И тут суфийская нить проходит рядом с каббалистической, как два ручья, текущие в одну ночь. Для суфия буква — завеса и указатель: она скрывает Лицо и одновременно указывает, где искать. Для каббалиста буква — канал: она проводит свет, сохраняя мир от сгорания. Разные метафоры, один трепет: всё, что мы называем «буквой», существует на границе между молчанием и проявлением.
Есть ещё различие между «буквами мысли» и «буквами речи». Мы знаем это по себе: пока слово не произнесено, оно мягче, текучее, оно может быть сразу всем. Внутреннее «я люблю» может быть и мольбой, и благодарностью, и страхом. Но произнеси — и оно станет конкретным, как печать на воске. Внутренняя буква похожа на тень птицы в облаках: силуэт есть, но границы дрожат. Речевая буква — это птица, севшая на ветку: ты видишь лапку, коготь, наклон головы. Речь фиксирует. И потому в «скрытых мирах» получают от сокровенных букв мысли — от тех, что ещё не стали «дыханием уст». А «раскрытые миры» получают от раскрытия, называемого «речениями».
И вот в какой-то момент начинаешь понимать: различие верхних и нижних букв — не только в «месте», а в степени прозрачности. Нижняя буква напоминает стекло, которое легко замутнить: страхом, гордыней, усталостью, желанием казаться умнее. Верхняя буква — как чистая вода: она не привлекает внимания к себе, она даёт увидеть дно.
Но почему именно 22? Почему не больше и не меньше? Можно, конечно, уйти в справочники и таблицы. А можно услышать это иначе: число здесь — не арифметика, а мера музыки. Как в макаме есть набор ступеней, достаточный, чтобы развернуть бесконечные мелодии, так и в «Сефер Йецира» буквы укоренены в «устах и языке», а письмо указывает на их форму. Двадцать две — это не ограничение, а инструмент: достаточно граней, чтобы свет мог играть, как в кристалле, не разрушая мир.
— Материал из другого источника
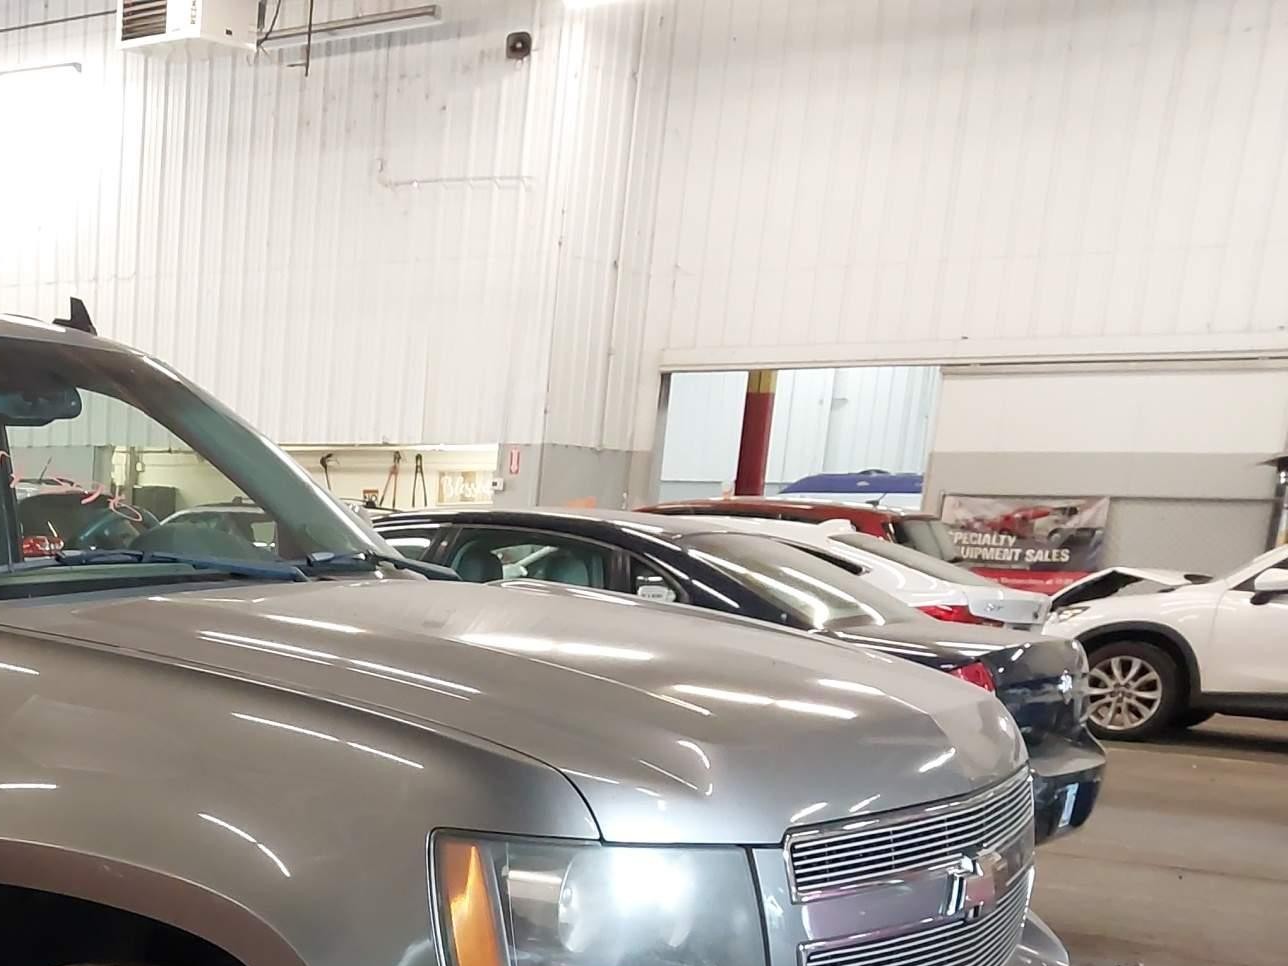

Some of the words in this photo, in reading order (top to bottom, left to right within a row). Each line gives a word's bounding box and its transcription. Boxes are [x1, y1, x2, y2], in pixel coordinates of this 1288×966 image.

И всё же — Мирза Галиб прав: тайна единения не переносит слов. Значит, вершина пути — не в том, чтобы накопить буквы, а в том, чтобы стать для них достойной материей. Ведь если материя букв внизу — воздух и чернила, то материя букв в человеке — сердце. Не метафорически: сердце как способность принимать форму смысла, не искажая его своей жаждой. Когда сердце становится ровным, буква в нём перестаёт быть шумом и становится тропой.
Иногда я думаю: самая высокая буква — та, которая исчезает. Та, которая выполнила работу различения и снова вернула всё в единство, как дыхание возвращается в тишину после фразы. Мы произносим — и мир становится определённее. Мы замолкаем — и мир становится ближе к своему источнику. Между произнесённым и непроизнесённым есть узкая щель, где соловей Хафиза учит макамам без нот, а Шнеур-Залман бережно напоминает: это «буквы» лишь по отношению к нисхождению, не по отношению к сущности.
И если прислушаться, можно услышать: буква в верхних мирах — это не слово Бога, а след Бога в мире. А буква в нижнем мире — это наша попытка стать к этому следу внимательными. Мы пишем, говорим, думаем — и иногда, на миг, сквозь ткань языка проступает молчание, из которого язык соткан. Тогда понимаешь: субстанция букв — не чернила и не воздух, а милость различения. Та самая милость, благодаря которой бесконечное не подавляет конечное, а позволяет ему быть — и даже отвечать.